### Exercise input ###

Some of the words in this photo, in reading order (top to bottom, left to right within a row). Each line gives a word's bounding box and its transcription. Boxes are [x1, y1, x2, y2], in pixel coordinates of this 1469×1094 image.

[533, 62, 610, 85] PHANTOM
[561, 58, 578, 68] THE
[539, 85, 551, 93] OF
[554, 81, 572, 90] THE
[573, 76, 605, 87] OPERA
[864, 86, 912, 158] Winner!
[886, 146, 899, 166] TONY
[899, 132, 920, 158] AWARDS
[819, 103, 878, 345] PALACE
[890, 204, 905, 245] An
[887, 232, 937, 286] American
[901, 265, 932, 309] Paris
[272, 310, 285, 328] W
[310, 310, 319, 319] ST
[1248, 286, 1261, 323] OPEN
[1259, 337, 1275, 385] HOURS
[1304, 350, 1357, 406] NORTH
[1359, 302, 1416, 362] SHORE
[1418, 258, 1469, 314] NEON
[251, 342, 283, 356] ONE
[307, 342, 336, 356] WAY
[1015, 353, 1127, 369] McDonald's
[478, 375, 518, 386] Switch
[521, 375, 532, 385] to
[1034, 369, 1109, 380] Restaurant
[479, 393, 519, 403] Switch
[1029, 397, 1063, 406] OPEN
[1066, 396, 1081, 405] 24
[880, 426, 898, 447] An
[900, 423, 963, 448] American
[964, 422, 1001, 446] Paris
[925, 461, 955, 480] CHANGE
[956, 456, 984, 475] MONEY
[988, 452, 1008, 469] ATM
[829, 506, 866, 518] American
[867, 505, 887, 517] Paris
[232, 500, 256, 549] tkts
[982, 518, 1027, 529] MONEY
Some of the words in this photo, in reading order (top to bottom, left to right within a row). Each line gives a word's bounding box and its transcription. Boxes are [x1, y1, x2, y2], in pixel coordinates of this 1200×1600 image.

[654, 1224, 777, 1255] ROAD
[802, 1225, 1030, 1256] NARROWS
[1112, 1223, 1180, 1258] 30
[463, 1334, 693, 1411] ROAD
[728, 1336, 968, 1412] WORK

###

__Try it__. Please retype the data, matching it exactly.

__Solution to this task__.
Some of the words in this photo, in reading order (top to bottom, left to right within a row). Each line gives a word's bounding box and its transcription. Boxes are [x1, y1, x2, y2], in pixel coordinates of this 1469×1094 image.

[533, 62, 610, 85] PHANTOM
[561, 58, 578, 68] THE
[539, 85, 551, 93] OF
[554, 81, 572, 90] THE
[573, 76, 605, 87] OPERA
[864, 86, 912, 158] Winner!
[886, 146, 899, 166] TONY
[899, 132, 920, 158] AWARDS
[819, 103, 878, 345] PALACE
[890, 204, 905, 245] An
[887, 232, 937, 286] American
[901, 265, 932, 309] Paris
[272, 310, 285, 328] W
[310, 310, 319, 319] ST
[1248, 286, 1261, 323] OPEN
[1259, 337, 1275, 385] HOURS
[1304, 350, 1357, 406] NORTH
[1359, 302, 1416, 362] SHORE
[1418, 258, 1469, 314] NEON
[251, 342, 283, 356] ONE
[307, 342, 336, 356] WAY
[1015, 353, 1127, 369] McDonald's
[478, 375, 518, 386] Switch
[521, 375, 532, 385] to
[1034, 369, 1109, 380] Restaurant
[479, 393, 519, 403] Switch
[1029, 397, 1063, 406] OPEN
[1066, 396, 1081, 405] 24
[880, 426, 898, 447] An
[900, 423, 963, 448] American
[964, 422, 1001, 446] Paris
[925, 461, 955, 480] CHANGE
[956, 456, 984, 475] MONEY
[988, 452, 1008, 469] ATM
[829, 506, 866, 518] American
[867, 505, 887, 517] Paris
[232, 500, 256, 549] tkts
[982, 518, 1027, 529] MONEY
Some of the words in this photo, in reading order (top to bottom, left to right within a row). Each line gives a word's bounding box and its transcription. Boxes are [x1, y1, x2, y2], in pixel coordinates of this 1200×1600 image.

[654, 1224, 777, 1255] ROAD
[802, 1225, 1030, 1256] NARROWS
[1112, 1223, 1180, 1258] 30
[463, 1334, 693, 1411] ROAD
[728, 1336, 968, 1412] WORK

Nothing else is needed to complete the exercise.